Records supplied:
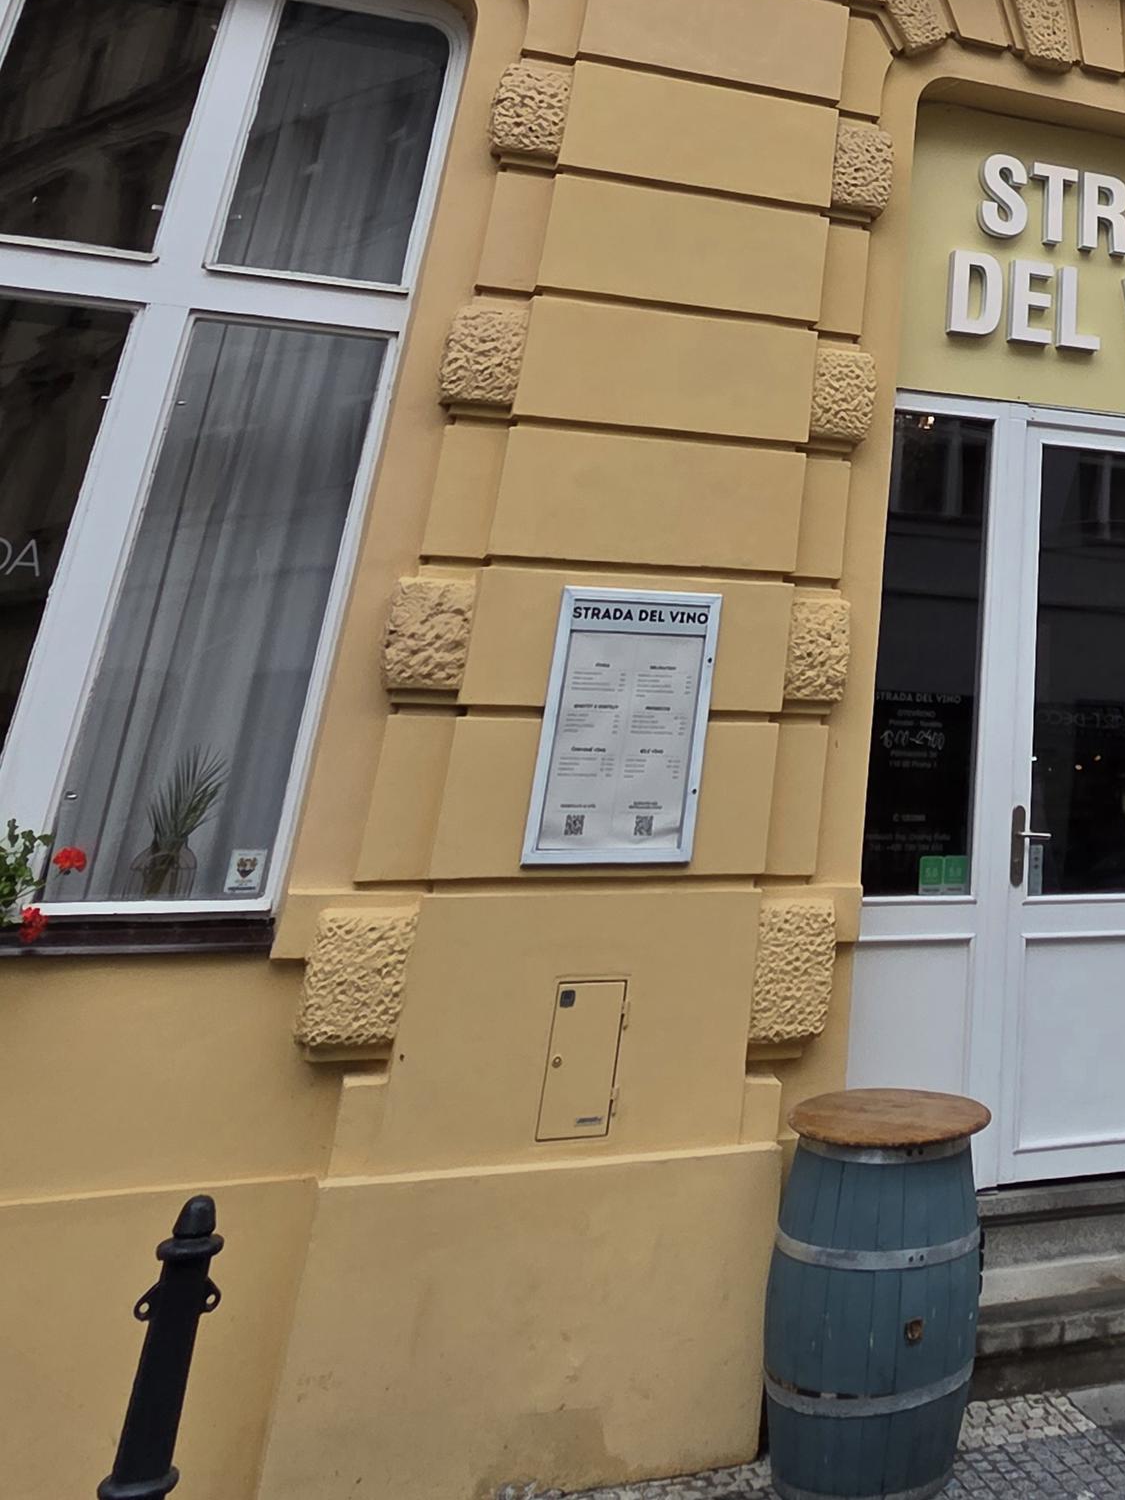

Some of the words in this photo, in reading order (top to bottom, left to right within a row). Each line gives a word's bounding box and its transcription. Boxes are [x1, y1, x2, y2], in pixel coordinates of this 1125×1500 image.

[946, 249, 1100, 353] DEL
[572, 606, 633, 621] STRADA
[638, 609, 666, 622] DEL
[670, 611, 709, 624] VINO
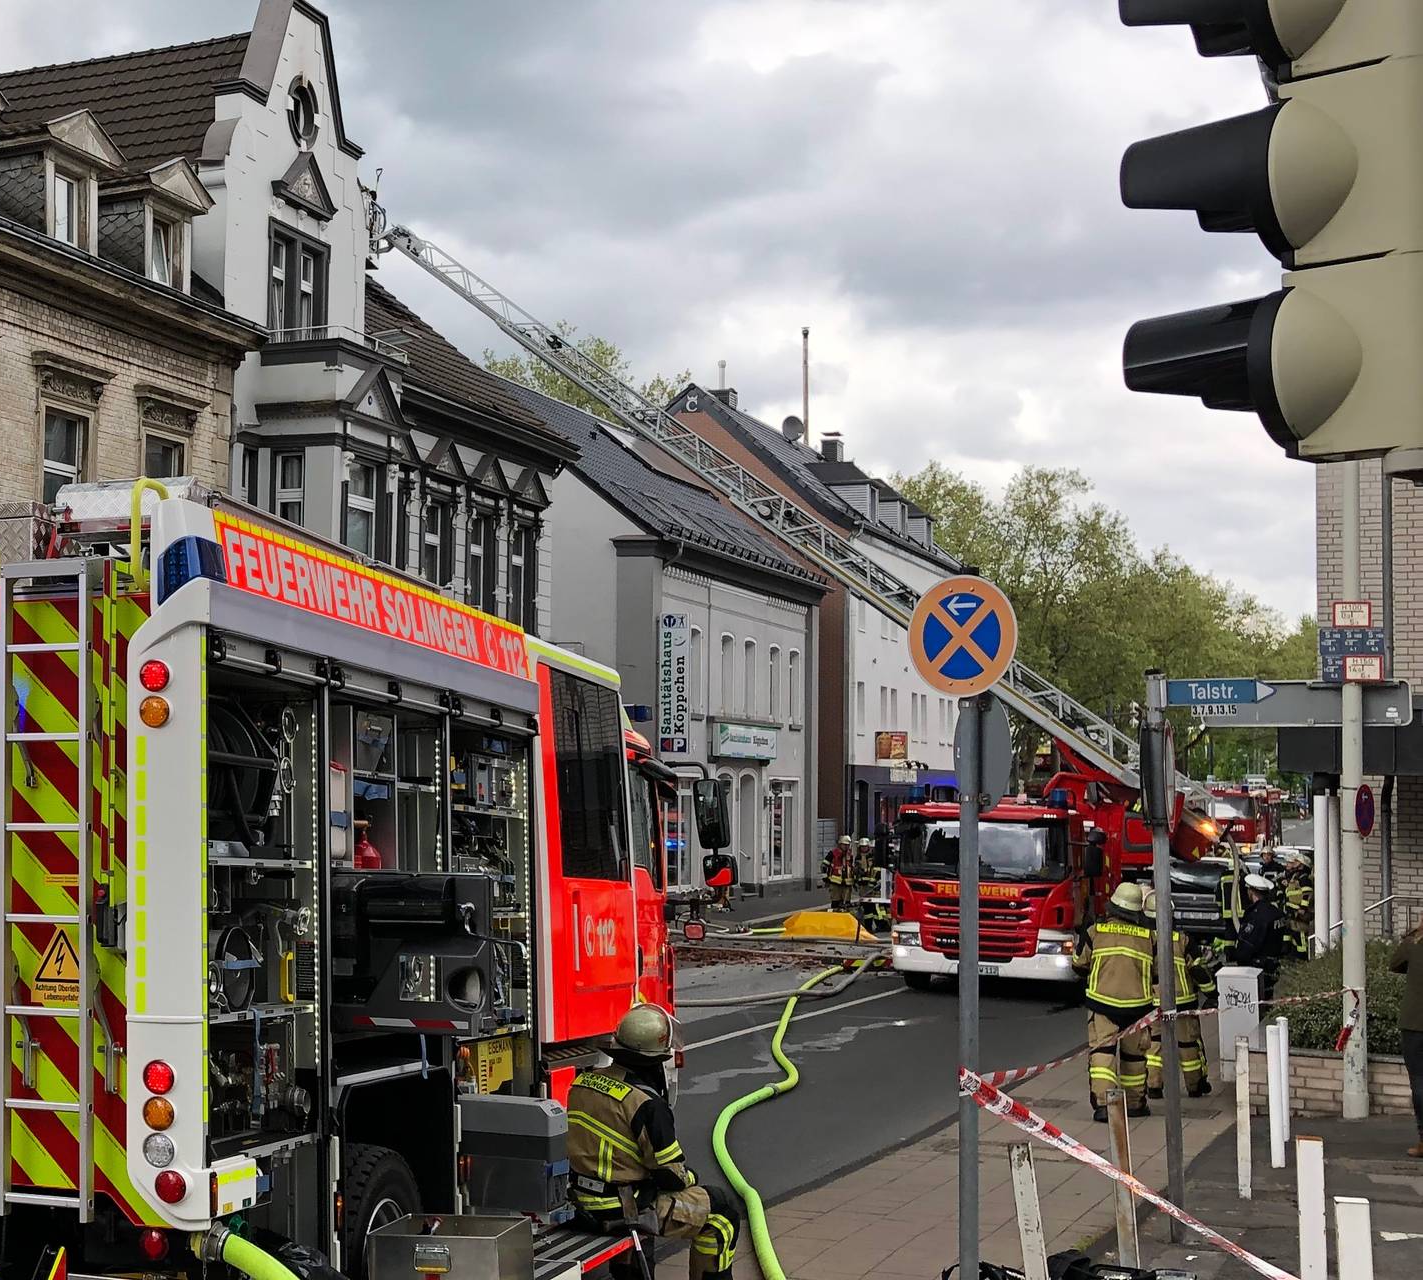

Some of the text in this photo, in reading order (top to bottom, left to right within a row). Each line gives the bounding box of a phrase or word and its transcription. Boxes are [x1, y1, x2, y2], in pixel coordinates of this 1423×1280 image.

[223, 527, 528, 677] FEUERWEHR SOLINGEN 112
[660, 631, 672, 735] Sanitätshaus
[673, 655, 687, 735] Köppchen
[1188, 683, 1238, 700] Talstr.
[938, 884, 1018, 897] FEUWEHR
[597, 918, 617, 957] 112
[35, 983, 57, 993] Achtung

Problem description:
Restate the material above word for word, dropping the pictures.

Response area:
Some of the words in this photo, in reading order (top to bottom, left to right within a row). Each line gives a word's bounding box and its transcription. Boxes are [x1, y1, x2, y2], in pixel coordinates of this 1125×1500 image.

[946, 249, 1100, 353] DEL
[572, 606, 633, 621] STRADA
[638, 609, 666, 622] DEL
[670, 611, 709, 624] VINO

Some of the text in this photo, in reading order (top to bottom, left to right within a row). Each line gives the bounding box of a phrase or word and its transcription. Boxes are [x1, y1, x2, y2], in pixel coordinates of this 1423×1280 image.

[223, 527, 528, 677] FEUERWEHR SOLINGEN 112
[660, 631, 672, 735] Sanitätshaus
[673, 655, 687, 735] Köppchen
[1188, 683, 1238, 700] Talstr.
[938, 884, 1018, 897] FEUWEHR
[597, 918, 617, 957] 112
[35, 983, 57, 993] Achtung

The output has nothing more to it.